The BVV2 Guidelines for foundations and pension funds came into force on January 1, 2015. Whilst that 15% limit doesn’t change, there are important amendments, including in the definition of “Alternative Debt.” The changes made necessitated pension funds and investment foundation to adjust their asset investments by the end of 2014.

The changes have been made in consultation with the OAK (responsible superintendence). There is also an official commentary which provides a detailed analysis of the new regulation. – “BSV – Mitteilung über berufliche Vorsorge ,Nr. 138.” Official versions are only available in German and French. Funds-Axis has prepared an unofficial English translation.

Summary of Changes

The key changes are:

  • The definition of debt has been tightened with the effect that many previously conventional debt instruments are now classified as alternative debt.
  • Prohibition of leverage on total assets as well as most instruments. This is achieved by applying Commitment I on all BVV2 compliant funds. There are exceptions are alternative instruments and some real estate investments.
  • Regulation of securities lending and repos by application of the Annex to the CISO-FINMA regulation, with compliance obligations assigned to the custody bank.
Tightening of the definition of Debt

The key revisions are at Article 53 Par. 1 lit. b and Article 53 Par. 3 of the investment regulations, defining eligible and alternative debt instruments.

Art.53 Par. 1 lit. b, the definition of debt has been tightened with the effect that many previously conventional debt instruments are now classified as alternative debt.

Paragraph 3 specifies which claims, not listed in Paragraph 1, point b, which count as alternative investments.

The matter is made more complicated by the fact that according to Art. 53 Par. 1 Bst. b.9, some alternative debt instruments can be classified as non-alternative if they are contained in a “common, widespread and well diversified” index which is also used as benchmark for the fund.

In summary we have then the following breakdown:

(i) Instruments which are NOT classified as Alternatives:

The following are not classified as Alternatives:

  • Traditional Convertibles

  • Callable Bonds

  • Foreign Mortgage Bonds

  • Covered Bonds

  • Inflation Linked Bonds

  • To Be Announced (TBA)

  • CDS – Protection Buyer

  • Subordinate Debt

  • Euroyen Bonds

(ii) Instruments which are classified as Alternatives if they are not in a Benchmark:

  • Asset Backed Securities

  • Perpetuals

  • Hybrid Bonds/Mezzanine

  • Loan Participation Note

  • Credit Linked Notes

  • Debt issued by Special Purpose Vehicles

(iii) Instruments which are always considered alternatives:

  • Contingent Convertible

  • Convertible Bonds – Mandatories

  • Non- Public Loans (including Senior Secured Loans)

  • Infrastructure

  • Insurance Linked Securities

PLEASE TAKE NOTE: According to Art. 53 Abs. 4, alternative instruments may only be hold via diversified collective investments, diversified certificates or diversified structured products.

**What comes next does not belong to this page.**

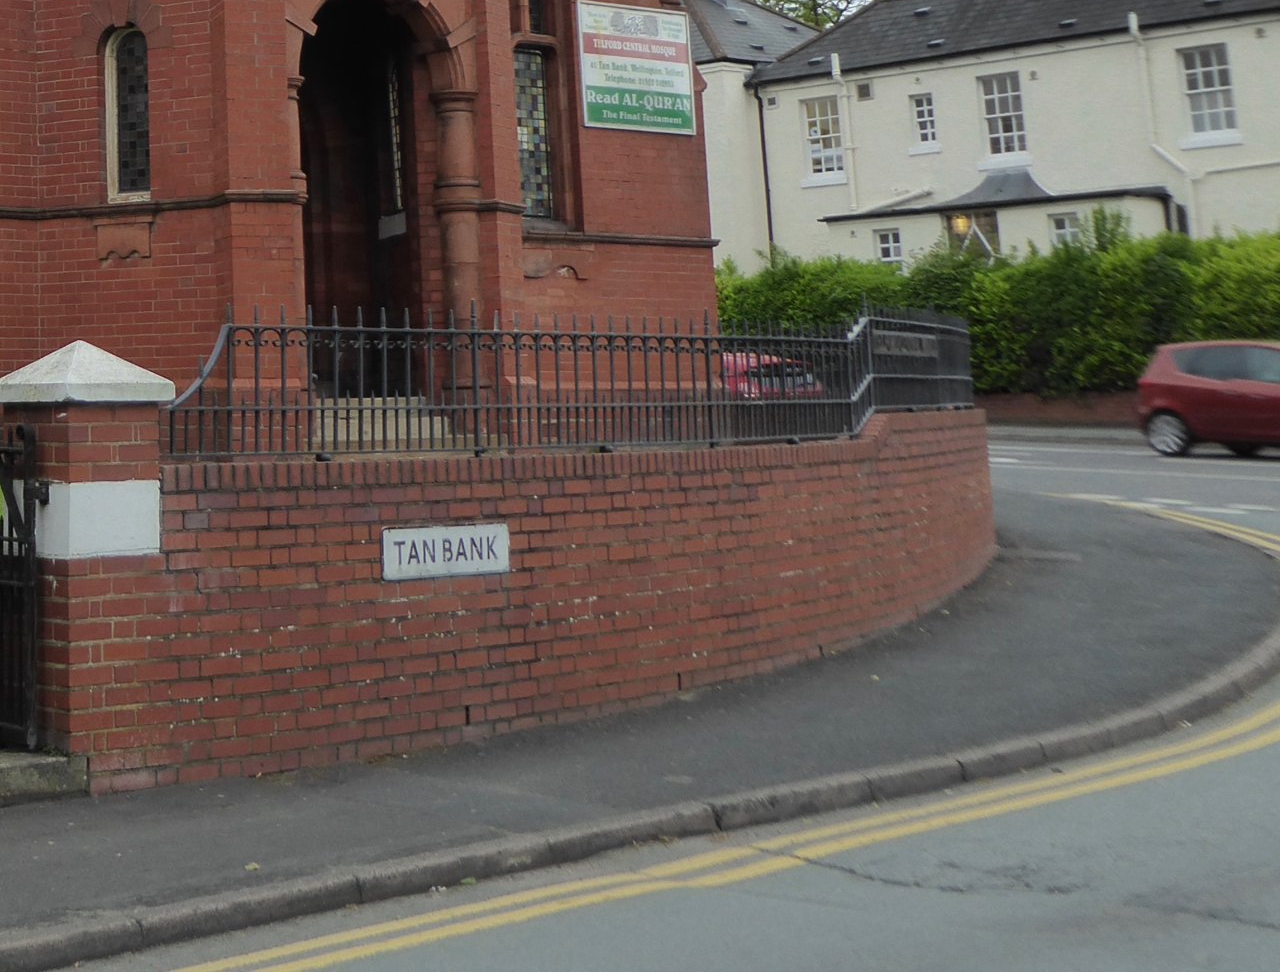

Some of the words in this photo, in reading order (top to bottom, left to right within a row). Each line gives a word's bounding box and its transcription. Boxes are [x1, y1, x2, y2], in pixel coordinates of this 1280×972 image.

Investment into Other Funds

Where a fund invests into another fixed income fund, that target collective investment scheme is to be treated as “alternative debt” where it has investment in alternative debt.

According to the interpretation in “BSV – Mitteilung über berufliche Vorsorge Nr. 138”, a collective investment that contains alternative debt which qualifies as non-alternative debt due to its alignment with an index, can be treated as non-alternative debt in terms of Art. 53 Abs. 1 Bst.